■ **Your instructions**:
Give the records once more, exactly as they stand.
(Records for this task begins)
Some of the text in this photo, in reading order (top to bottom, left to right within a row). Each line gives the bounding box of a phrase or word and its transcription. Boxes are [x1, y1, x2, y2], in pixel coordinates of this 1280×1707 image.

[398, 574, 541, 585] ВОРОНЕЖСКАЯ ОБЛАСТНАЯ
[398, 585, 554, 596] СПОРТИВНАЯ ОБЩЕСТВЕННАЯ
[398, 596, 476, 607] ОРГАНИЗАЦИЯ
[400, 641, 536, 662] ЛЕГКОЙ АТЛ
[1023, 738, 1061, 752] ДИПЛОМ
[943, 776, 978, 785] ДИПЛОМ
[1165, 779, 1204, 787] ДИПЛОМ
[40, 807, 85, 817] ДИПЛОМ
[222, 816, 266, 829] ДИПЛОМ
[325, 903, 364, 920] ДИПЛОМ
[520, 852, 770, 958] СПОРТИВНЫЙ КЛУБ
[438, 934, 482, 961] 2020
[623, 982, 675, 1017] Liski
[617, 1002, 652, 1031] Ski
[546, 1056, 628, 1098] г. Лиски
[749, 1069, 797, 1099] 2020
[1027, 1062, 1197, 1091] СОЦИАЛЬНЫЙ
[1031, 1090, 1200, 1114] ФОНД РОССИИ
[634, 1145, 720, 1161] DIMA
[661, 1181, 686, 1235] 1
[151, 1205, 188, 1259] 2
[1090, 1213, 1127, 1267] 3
(Records for this task ends)
■ **The completed task**:
Some of the text in this photo, in reading order (top to bottom, left to right within a row). Each line gives the bounding box of a phrase or word and its transcription. Boxes are [x1, y1, x2, y2], in pixel coordinates of this 1280×1707 image.

[398, 574, 541, 585] ВОРОНЕЖСКАЯ ОБЛАСТНАЯ
[398, 585, 554, 596] СПОРТИВНАЯ ОБЩЕСТВЕННАЯ
[398, 596, 476, 607] ОРГАНИЗАЦИЯ
[400, 641, 536, 662] ЛЕГКОЙ АТЛ
[1023, 738, 1061, 752] ДИПЛОМ
[943, 776, 978, 785] ДИПЛОМ
[1165, 779, 1204, 787] ДИПЛОМ
[40, 807, 85, 817] ДИПЛОМ
[222, 816, 266, 829] ДИПЛОМ
[325, 903, 364, 920] ДИПЛОМ
[520, 852, 770, 958] СПОРТИВНЫЙ КЛУБ
[438, 934, 482, 961] 2020
[623, 982, 675, 1017] Liski
[617, 1002, 652, 1031] Ski
[546, 1056, 628, 1098] г. Лиски
[749, 1069, 797, 1099] 2020
[1027, 1062, 1197, 1091] СОЦИАЛЬНЫЙ
[1031, 1090, 1200, 1114] ФОНД РОССИИ
[634, 1145, 720, 1161] DIMA
[661, 1181, 686, 1235] 1
[151, 1205, 188, 1259] 2
[1090, 1213, 1127, 1267] 3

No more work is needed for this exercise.